Eliana asks me this question as I pass by her desk. She’s one of my third-grade creative writing students, and like most of her classmates, she’s eight. Her years on this planet can still be counted on her fingers. She tilts her head, her sparkly t-shirt catching the light, and looks at me like she’s trying to figure out the answer.
For a moment, I consider telling her my real age—58. But I hesitate. Acknowledging my age out loud makes it seem so real. And unlike most of my students, whose birthdays are the subject of excitement and anticipation, my next birthday feels intimidating, even a little frightening.
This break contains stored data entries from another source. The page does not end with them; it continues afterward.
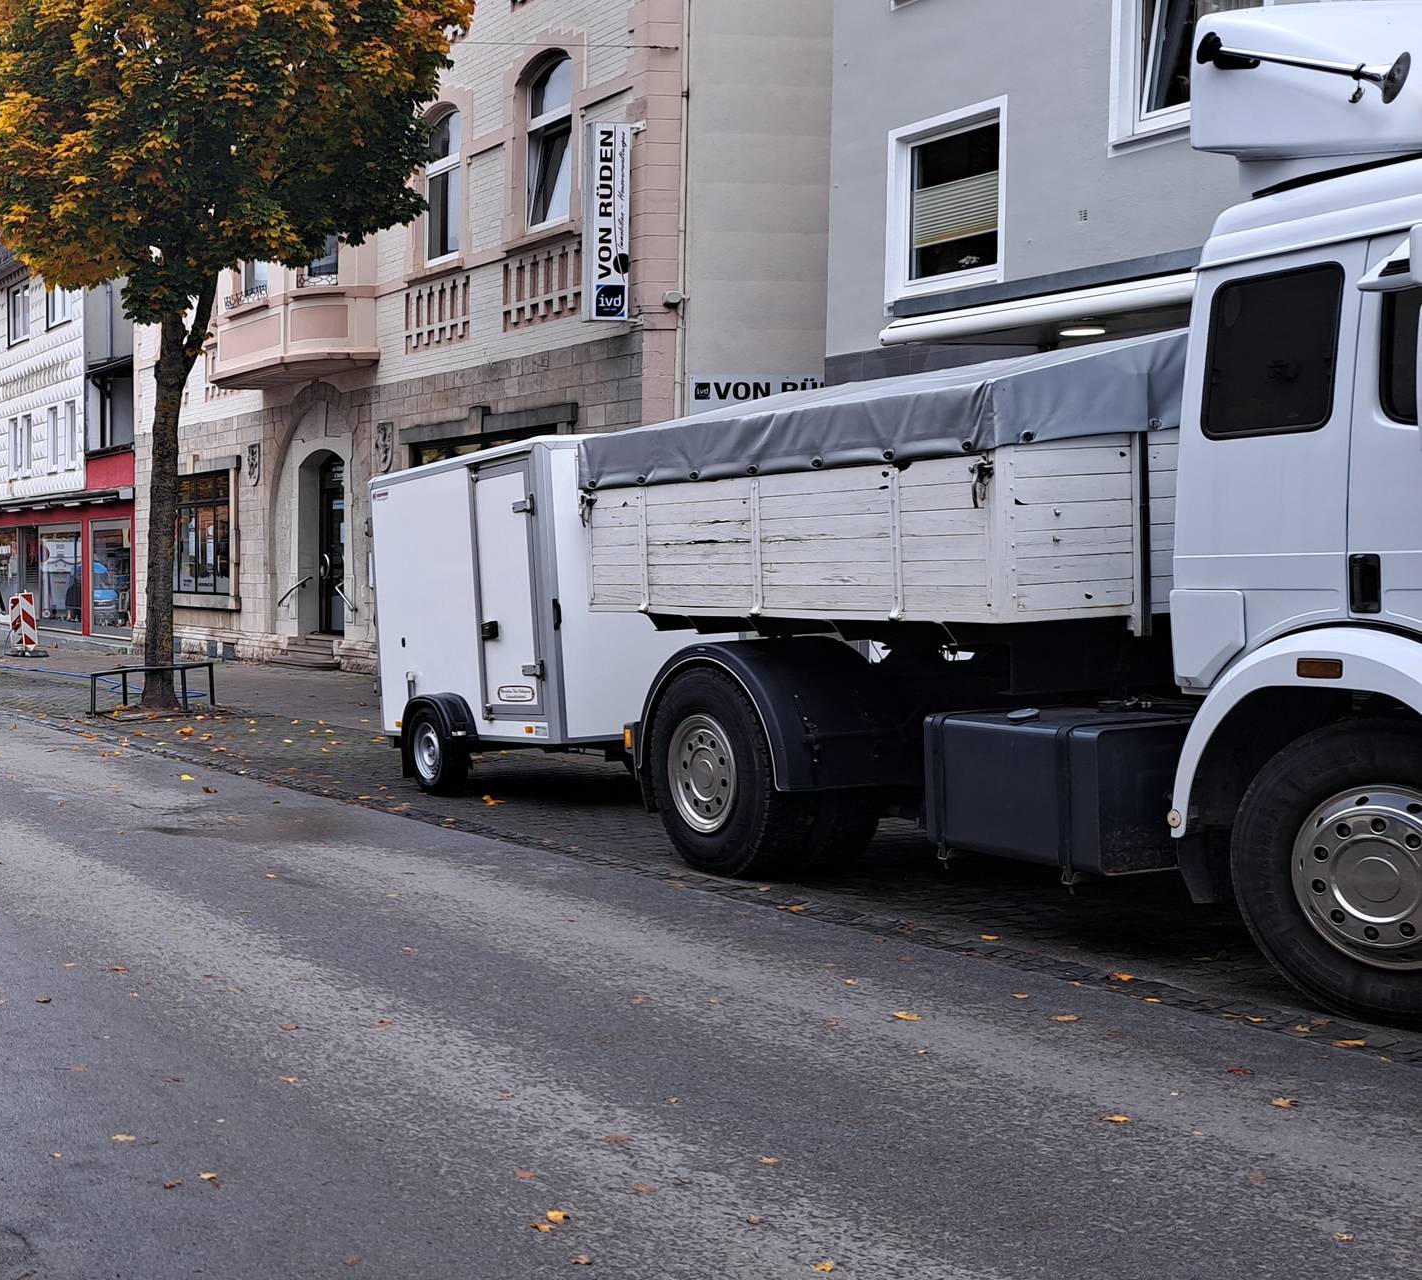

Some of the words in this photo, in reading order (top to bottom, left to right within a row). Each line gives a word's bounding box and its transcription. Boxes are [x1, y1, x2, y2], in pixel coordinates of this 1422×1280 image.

[596, 130, 614, 218] RÜDEN
[598, 227, 613, 280] VON
[598, 294, 622, 307] ivd
[713, 381, 771, 400] VON
[781, 377, 825, 393] RÜ
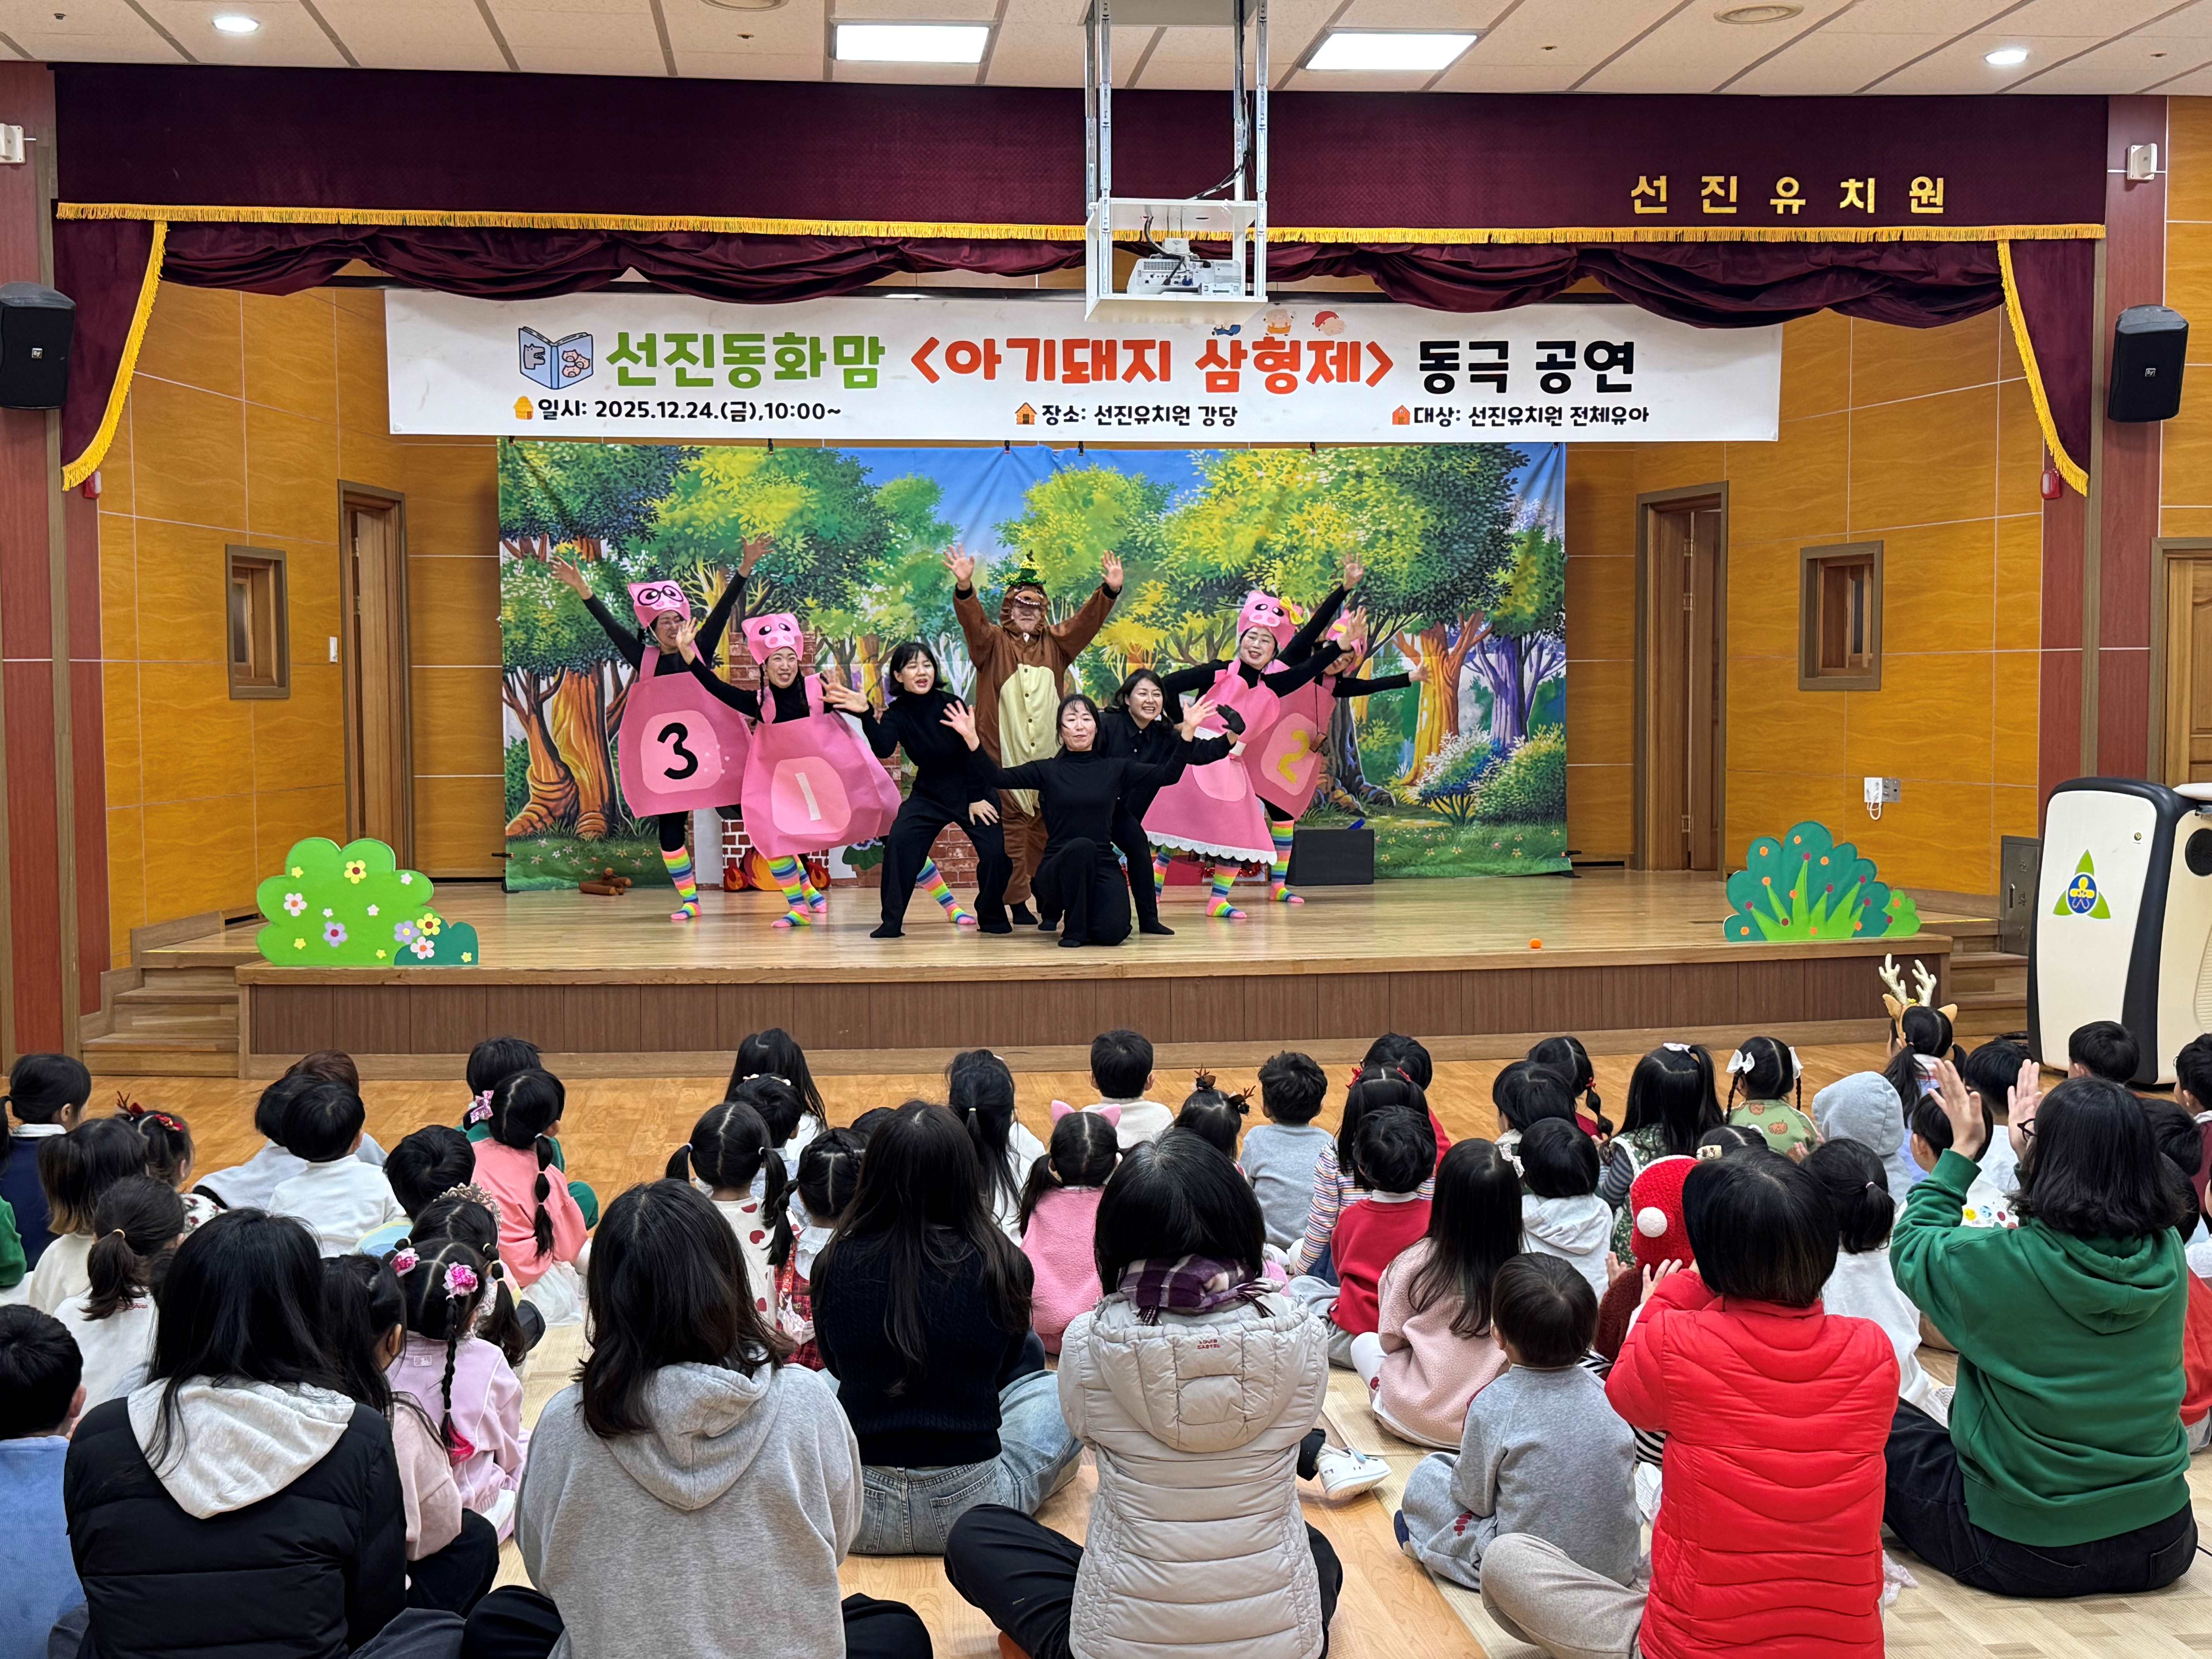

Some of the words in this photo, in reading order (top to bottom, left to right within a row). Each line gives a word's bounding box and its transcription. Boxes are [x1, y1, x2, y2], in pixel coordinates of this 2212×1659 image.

[606, 332, 885, 389] 선진동화맘
[911, 336, 1171, 384] <아기돼지
[1195, 336, 1393, 394] 삼형제>
[1419, 340, 1509, 394] 동극
[1535, 340, 1634, 394] 공연
[538, 398, 587, 420] 일시:
[594, 400, 841, 422] 2025.12.24.(금),10:00~
[1042, 405, 1086, 426] 장소:
[1094, 405, 1190, 426] 선진유치원
[1198, 405, 1238, 426] 강당
[1414, 406, 1460, 427] 대상:
[1468, 405, 1563, 426] 선진유치원
[1570, 405, 1649, 426] 전체유아
[657, 722, 698, 780] 3
[1278, 729, 1310, 785] 2
[795, 772, 821, 821] 1
I’ll be 59, which can’t be counted on my fingers, and is too close to 60 for comfort.
When I don’t answer immediately, Eliana loses interest. “I’ll be nine next month,” she announces, “and for my birthday party we’re going to have cupcakes with chocolate frosting and lots of sprinkles!” She smiles and turns back to her writing project, something to do with a pink unicorn and a magic portal.
Her question stays with me and I wonder again why it feels so difficult to admit my age. It’s just a number, at least that’s what people say. I don’t feel that old, even if it’s a cliché to say so. When people treat me like I’m old, it surprises me—someone unexpectedly calls me “ma’am,” the Uber driver lifts my suitcase for me without asking, or the barista at my local coffee shop tells me I remind him of his mom. It takes me off guard, their assumption that I am old, or at least older, when I don’t feel like it on the inside.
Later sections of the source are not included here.